GOAL OF THE EXERCISE >>
Could you return the data that follows exactly, minus the images?

EXCERPTED RECORDS >>
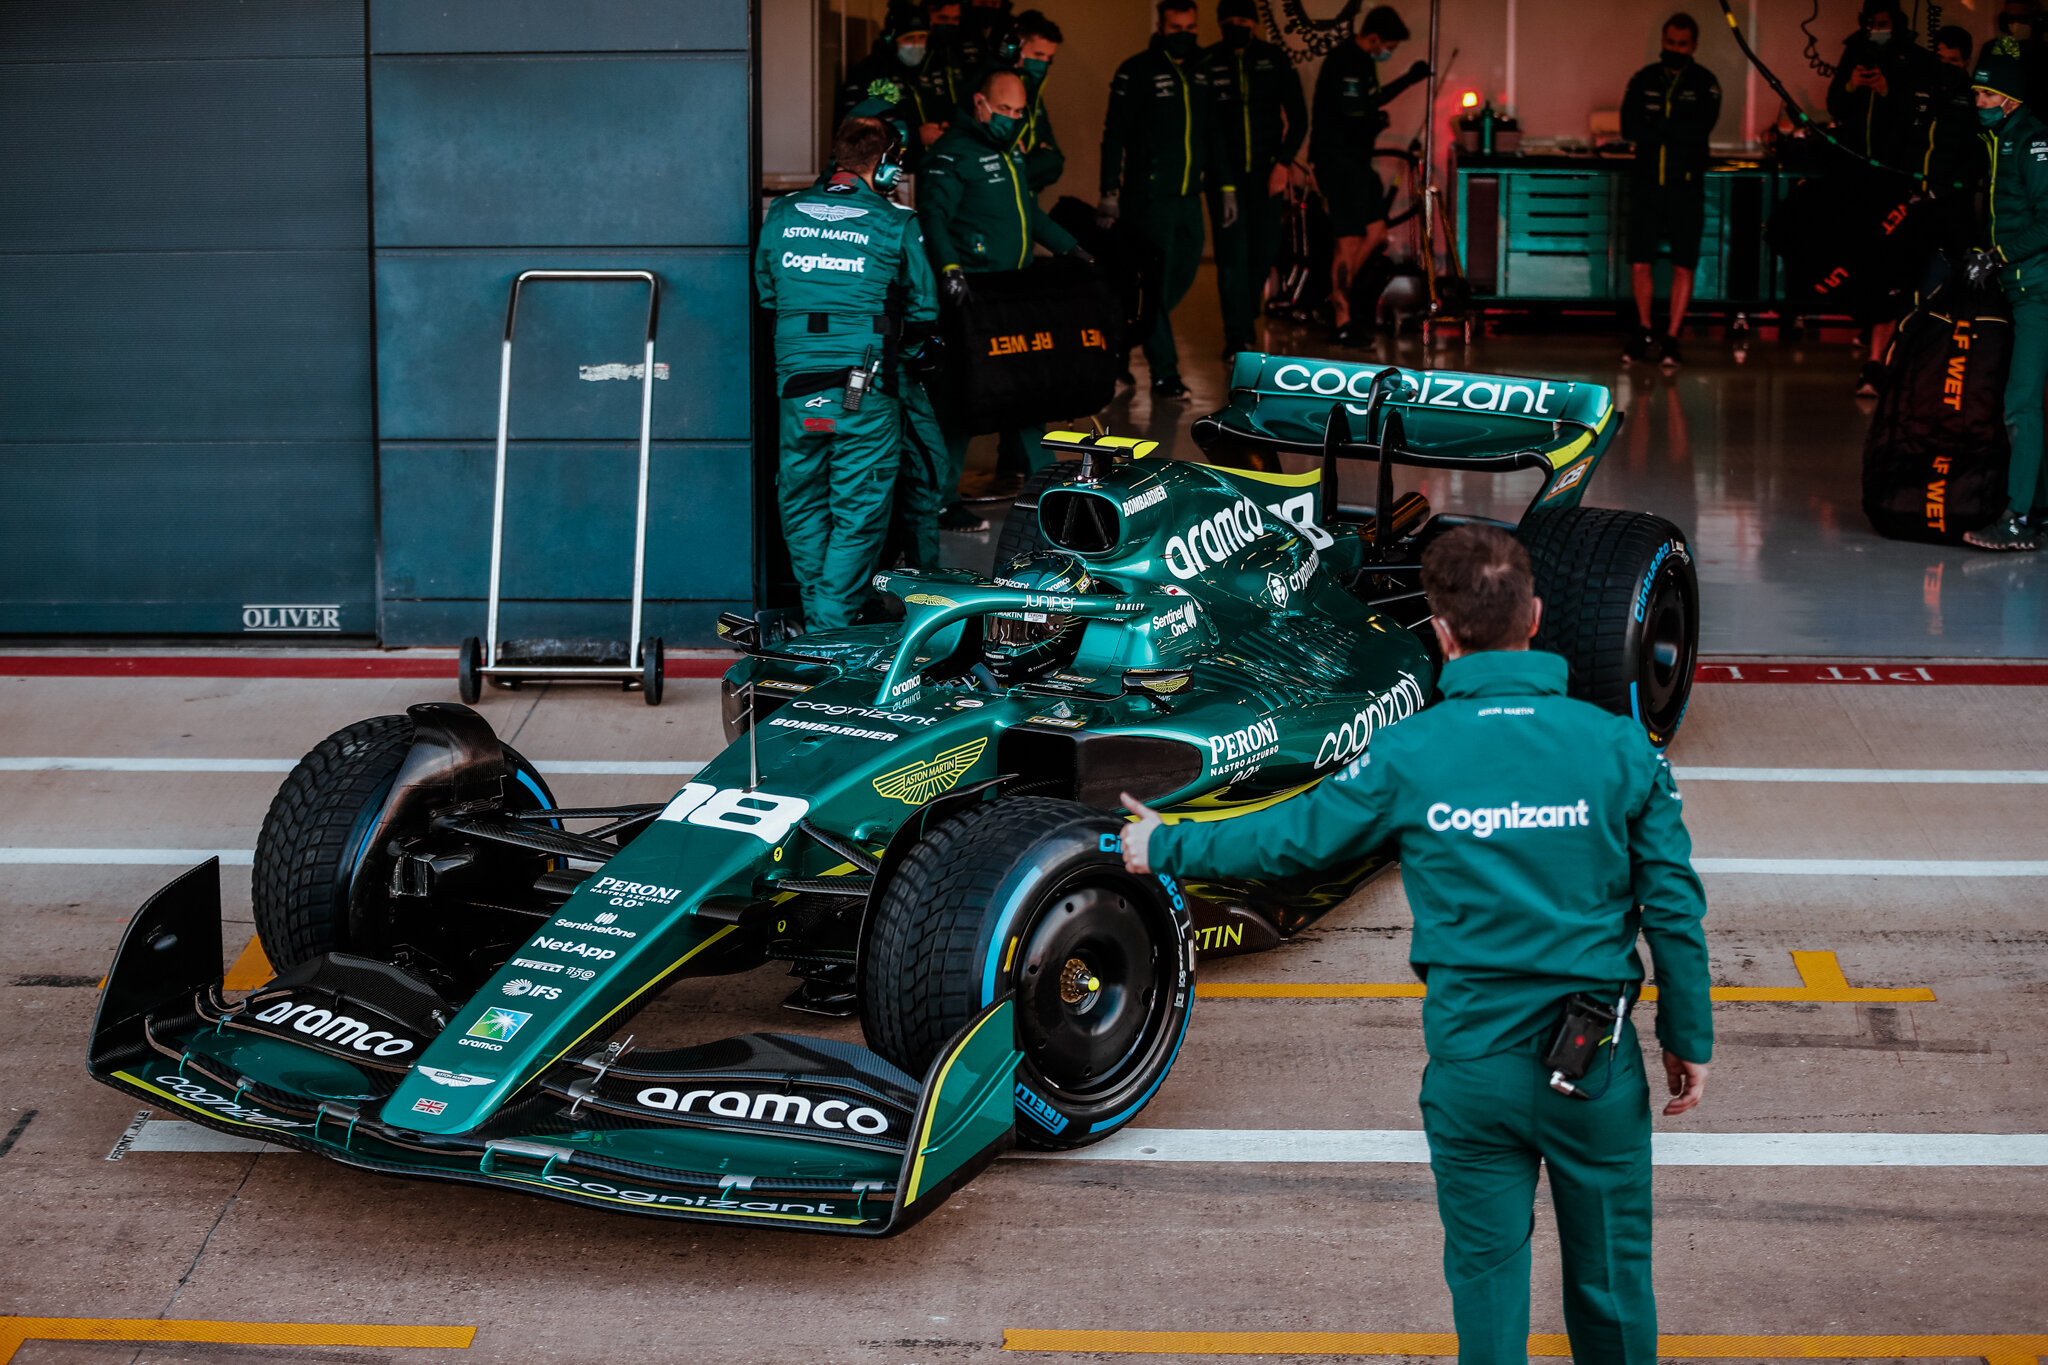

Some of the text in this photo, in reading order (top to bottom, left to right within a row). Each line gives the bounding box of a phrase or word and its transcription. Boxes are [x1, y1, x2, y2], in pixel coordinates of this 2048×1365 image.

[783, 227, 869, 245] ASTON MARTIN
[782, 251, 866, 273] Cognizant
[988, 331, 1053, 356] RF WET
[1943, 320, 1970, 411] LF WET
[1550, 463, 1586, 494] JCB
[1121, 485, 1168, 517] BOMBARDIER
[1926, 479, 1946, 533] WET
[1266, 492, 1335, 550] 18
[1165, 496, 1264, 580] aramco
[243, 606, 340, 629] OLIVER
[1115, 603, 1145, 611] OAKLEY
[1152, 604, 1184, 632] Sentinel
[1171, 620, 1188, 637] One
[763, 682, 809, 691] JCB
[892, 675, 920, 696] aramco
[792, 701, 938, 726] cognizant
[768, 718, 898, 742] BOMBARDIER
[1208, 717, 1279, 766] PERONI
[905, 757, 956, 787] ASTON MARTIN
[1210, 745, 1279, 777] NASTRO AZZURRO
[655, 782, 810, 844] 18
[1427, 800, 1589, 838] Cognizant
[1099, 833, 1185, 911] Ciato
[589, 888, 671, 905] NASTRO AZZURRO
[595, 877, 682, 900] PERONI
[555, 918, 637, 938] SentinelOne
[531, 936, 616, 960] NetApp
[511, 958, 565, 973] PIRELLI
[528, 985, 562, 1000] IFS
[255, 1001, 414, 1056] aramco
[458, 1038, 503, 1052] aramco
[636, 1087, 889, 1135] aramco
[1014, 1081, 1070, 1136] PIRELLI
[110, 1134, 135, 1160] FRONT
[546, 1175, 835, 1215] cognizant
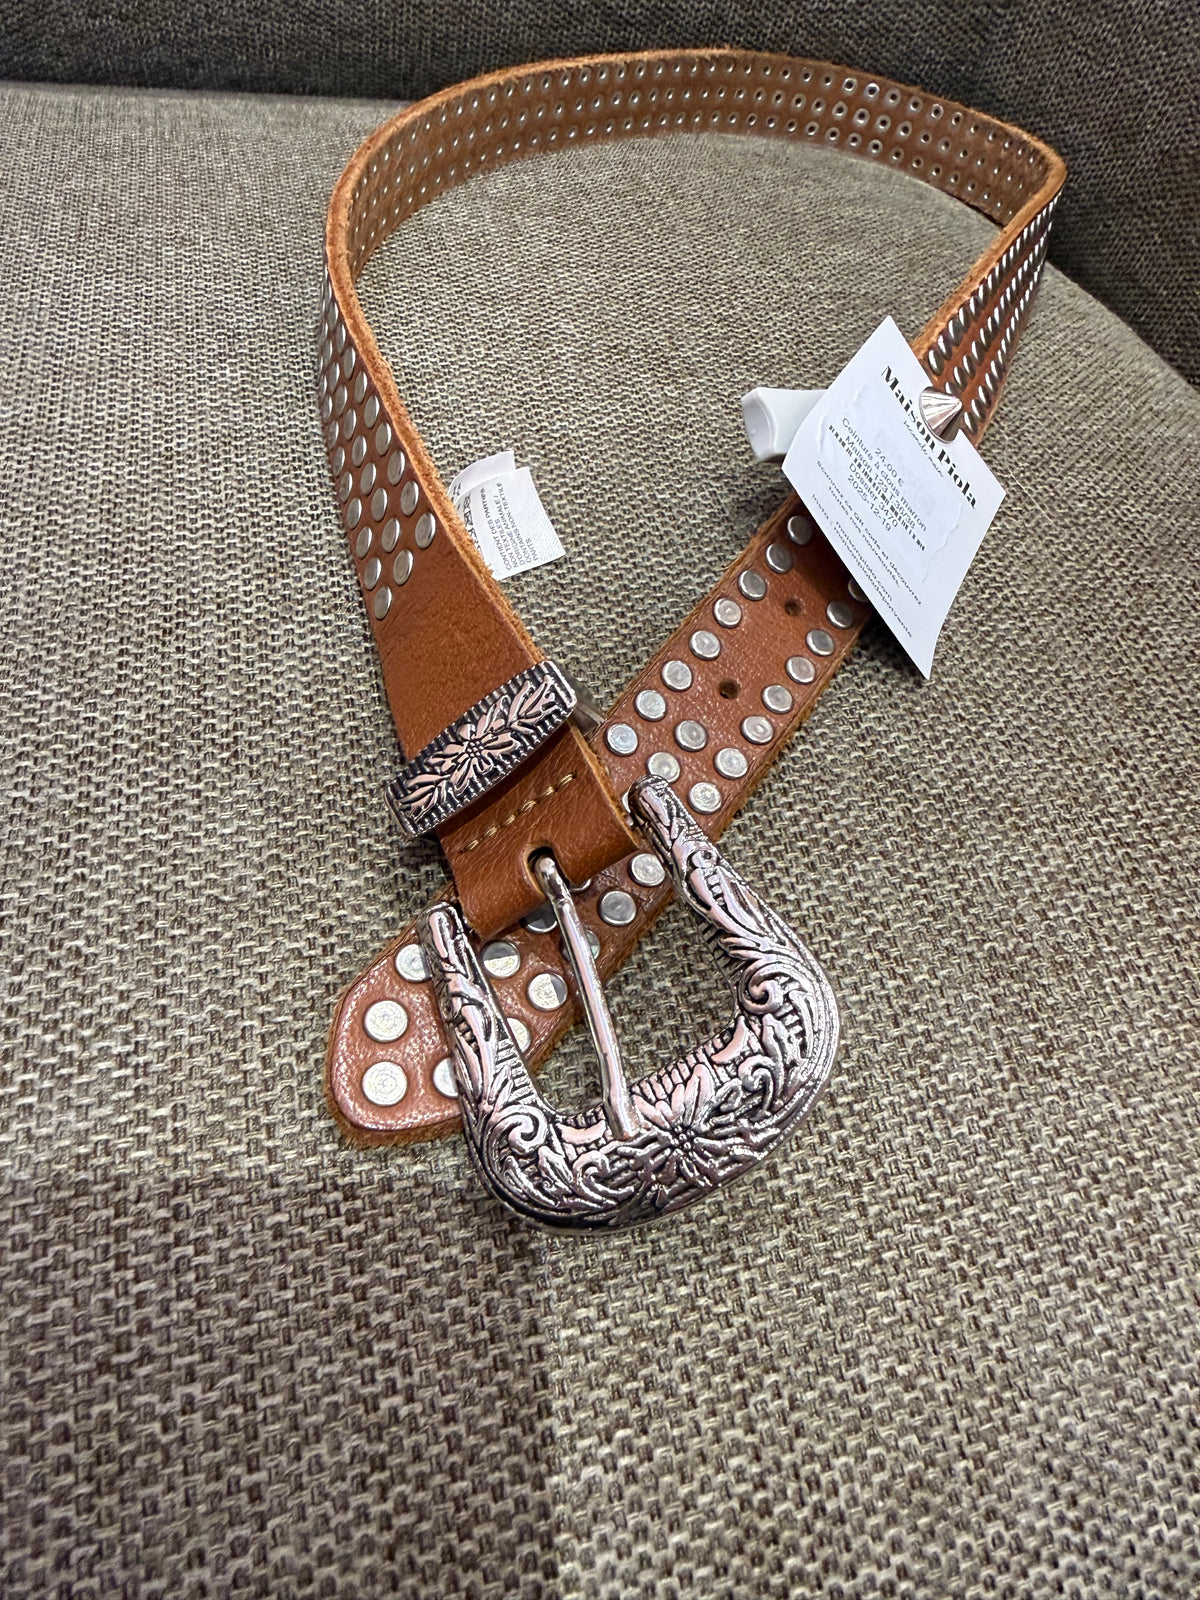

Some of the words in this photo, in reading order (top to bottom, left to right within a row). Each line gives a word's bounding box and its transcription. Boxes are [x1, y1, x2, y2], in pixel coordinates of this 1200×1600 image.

EXERCISE OUTPUT >>
Some of the text in this photo, in reading order (top to bottom, left to right within a row). Each line gives the bounding box of a phrase or word and its transcription. Boxes are [x1, y1, x2, y2], in pixel coordinates of this 2048×1365 image.

[783, 227, 869, 245] ASTON MARTIN
[782, 251, 866, 273] Cognizant
[988, 331, 1053, 356] RF WET
[1943, 320, 1970, 411] LF WET
[1550, 463, 1586, 494] JCB
[1121, 485, 1168, 517] BOMBARDIER
[1926, 479, 1946, 533] WET
[1266, 492, 1335, 550] 18
[1165, 496, 1264, 580] aramco
[243, 606, 340, 629] OLIVER
[1115, 603, 1145, 611] OAKLEY
[1152, 604, 1184, 632] Sentinel
[1171, 620, 1188, 637] One
[763, 682, 809, 691] JCB
[892, 675, 920, 696] aramco
[792, 701, 938, 726] cognizant
[768, 718, 898, 742] BOMBARDIER
[1208, 717, 1279, 766] PERONI
[905, 757, 956, 787] ASTON MARTIN
[1210, 745, 1279, 777] NASTRO AZZURRO
[655, 782, 810, 844] 18
[1427, 800, 1589, 838] Cognizant
[1099, 833, 1185, 911] Ciato
[589, 888, 671, 905] NASTRO AZZURRO
[595, 877, 682, 900] PERONI
[555, 918, 637, 938] SentinelOne
[531, 936, 616, 960] NetApp
[511, 958, 565, 973] PIRELLI
[528, 985, 562, 1000] IFS
[255, 1001, 414, 1056] aramco
[458, 1038, 503, 1052] aramco
[636, 1087, 889, 1135] aramco
[1014, 1081, 1070, 1136] PIRELLI
[110, 1134, 135, 1160] FRONT
[546, 1175, 835, 1215] cognizant

Some of the words in this photo, in reading order (top to bottom, left to right within a row). Each line gives a word's bounding box and its transcription. Boxes are [x1, y1, x2, y2], in pixel coordinates of this 1200×1600 image.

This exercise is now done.